A BIS Press Release (Next steps making midata a reality) seems to have resulted in folk tweeting today about the #midata consultation that was announced last month. If you haven’t been keeping up, #midata is the policy initiative around getting companies to make “[consumer data] that may be actionable and useful in making a decision or in the course of a specific activity” (whatever that means) available to users in a machine readable form. To try to help clarify matters, several vignettes are described in this July 2012 report – Example applications of the midata programme – which plays the role of a ‘draft for discussion’ at the September midata Strategy Board [link?]. Here’s a quick summary of some of them:
- form filling: a personal datastore will help you pre-populate forms and provide certified evidence of things like: proof of her citizenship, qualified to drive, passed certain exams and achieved certain qualifications, passed a CRB check, and so on. (Note: I’ve previously tried to argue the case for the OU starting to develop a service (OU Qualification Verification Service) around delivering verified tokens relating to the award of OU degrees, and degrees awarded by the polytechnics, as was (courtesy of the OU’s CNAA Aftercare Service), but after an initial flurry of interest, it was passed on. midata could bring it back maybe?

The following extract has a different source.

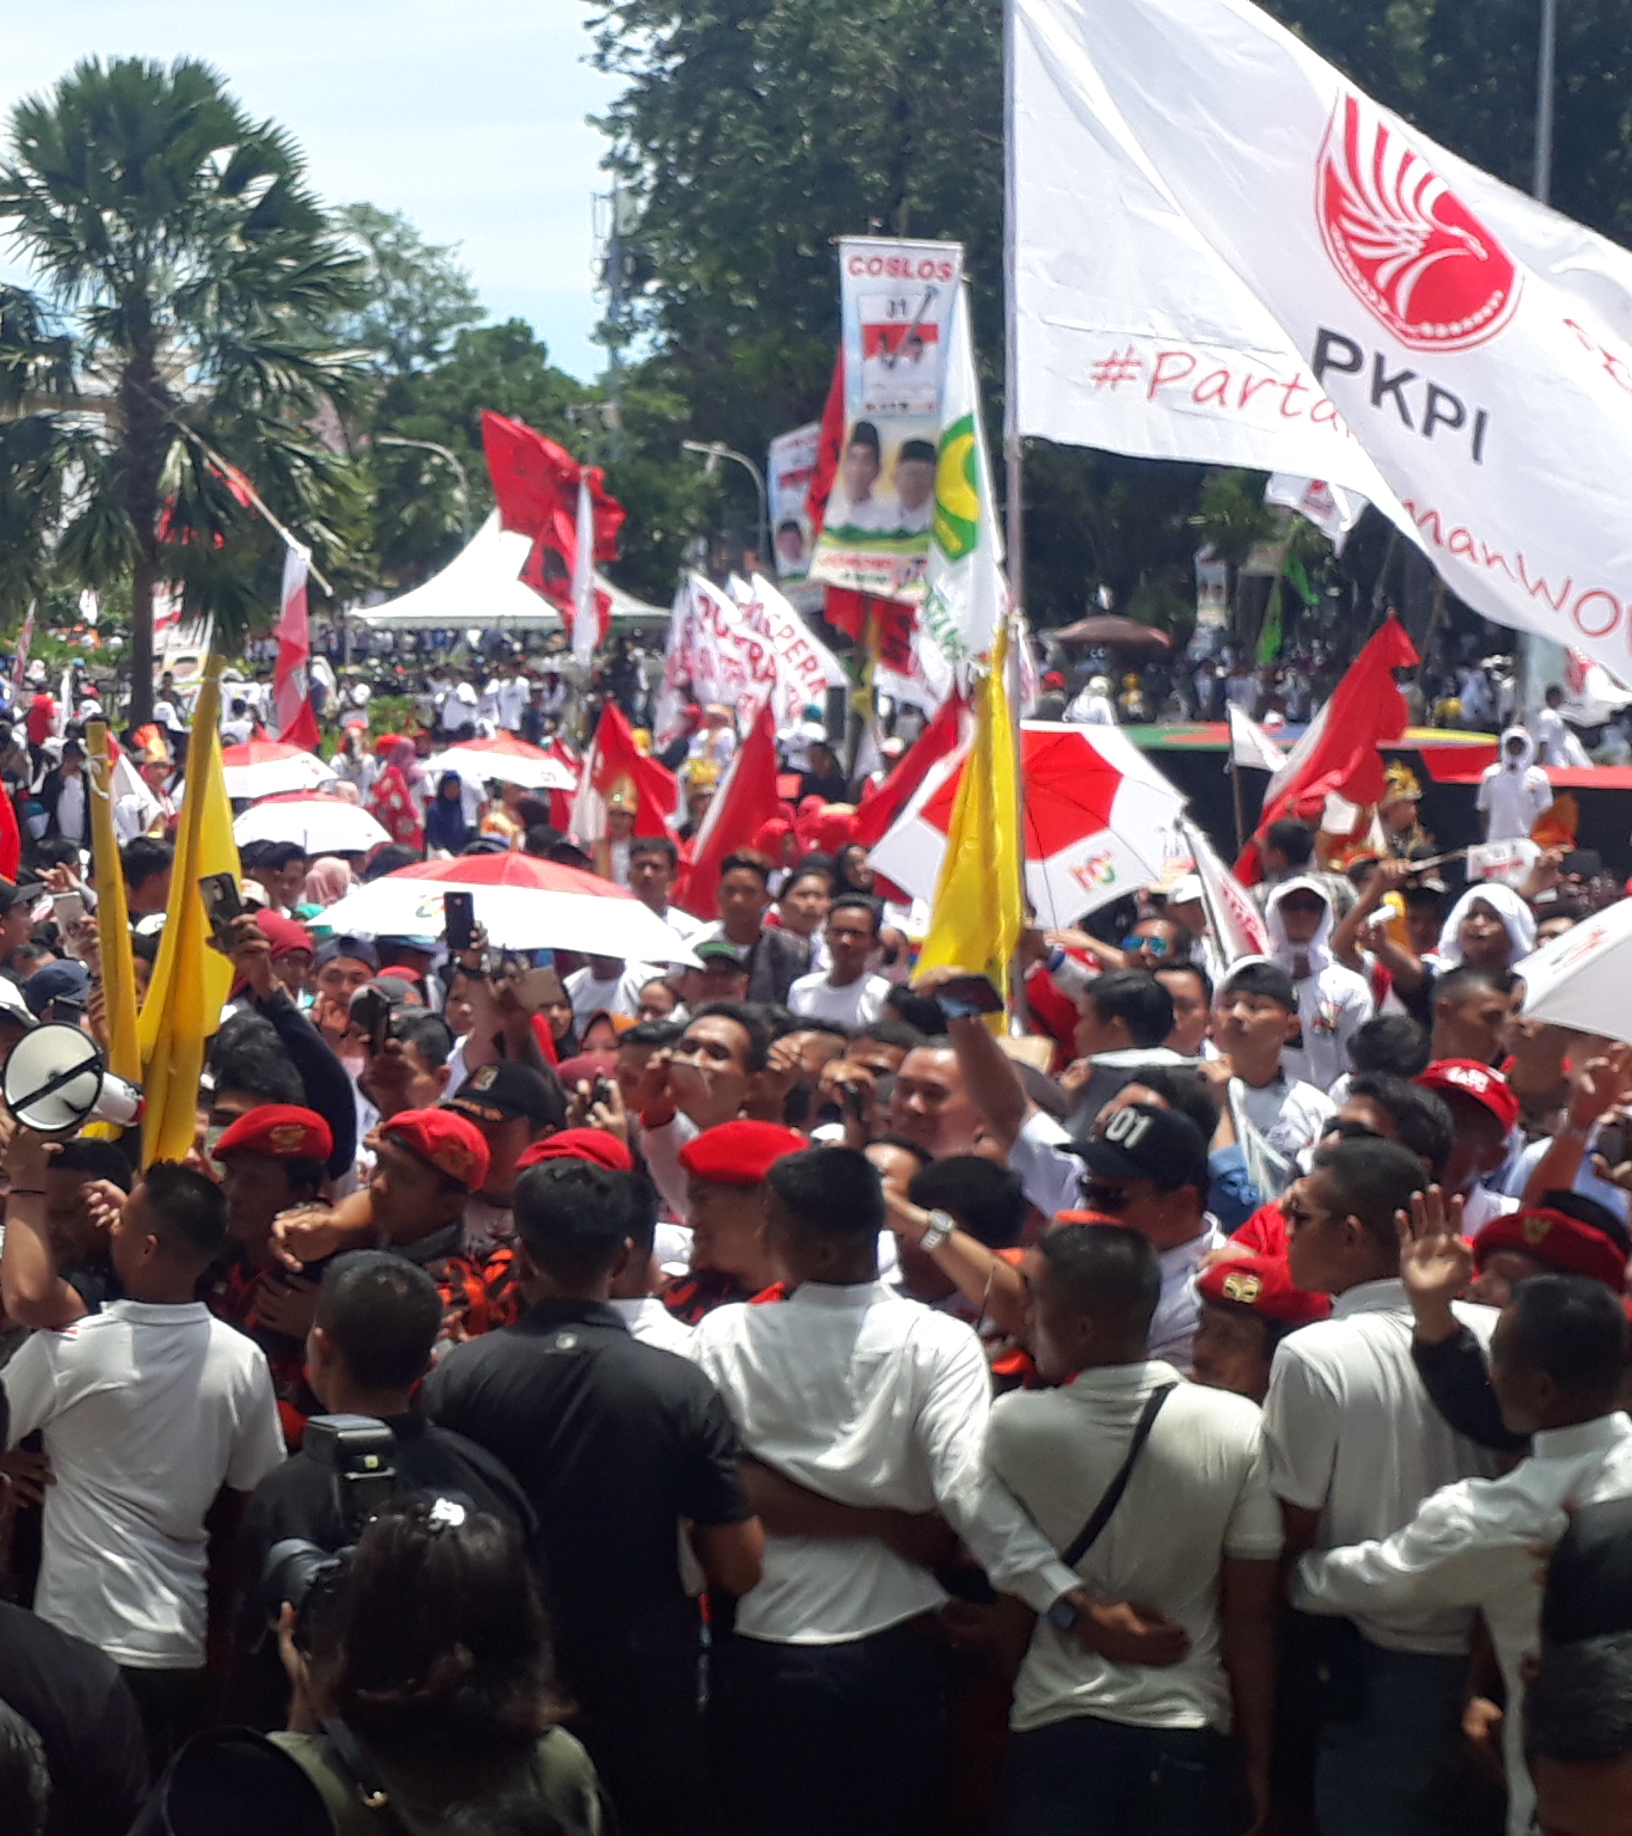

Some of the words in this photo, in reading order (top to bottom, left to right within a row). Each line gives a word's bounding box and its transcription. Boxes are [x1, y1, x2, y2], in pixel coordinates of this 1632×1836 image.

[1090, 344, 1353, 438] #Parta
[1313, 327, 1488, 463] PKPI
[1106, 1106, 1152, 1149] 01

- home moving admin: change your details in a personal “mydata” data store, and let everyone pick up the changes from there. Just think what fun you could have with an attack on this;-)

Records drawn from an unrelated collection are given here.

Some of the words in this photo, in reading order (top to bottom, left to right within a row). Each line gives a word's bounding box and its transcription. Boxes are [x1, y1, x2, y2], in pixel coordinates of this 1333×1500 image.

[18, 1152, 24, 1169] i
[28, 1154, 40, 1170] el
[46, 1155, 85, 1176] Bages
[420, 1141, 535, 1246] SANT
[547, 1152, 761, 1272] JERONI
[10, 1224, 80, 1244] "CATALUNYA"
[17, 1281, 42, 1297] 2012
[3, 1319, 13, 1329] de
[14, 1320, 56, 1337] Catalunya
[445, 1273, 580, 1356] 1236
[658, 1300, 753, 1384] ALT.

- contracts and warranties dashboard: did my crApple computer die the week before or after the guarantee ran out?
- keeping track of the housekeeping: bank and financial statement data management and reporting tools. I thought there already was software for doing this? do we use it though? I’d rather my bank improved the tools it provided me with?
- keeping up with the Jones’s: how does my house’s energy consumption compare with that of my neighbours?
- which phone? Pick a tariff automatically based on your actual phone usage. From going through this recently, the problem is not with knowing how I use my phone (easy enough to find out), it’s with navigating the mobile phone sites trying to understand their offers. (And why can’t Vodafone send me an SMS to say I’m 10 minutes away from using up this month’s minutes, rather than letting me go over? The midata answer might be an agent that looks at my usage info and tells me when I’m getting close to my limit, which requires me having access to my contract details in a machine readable form, I guess?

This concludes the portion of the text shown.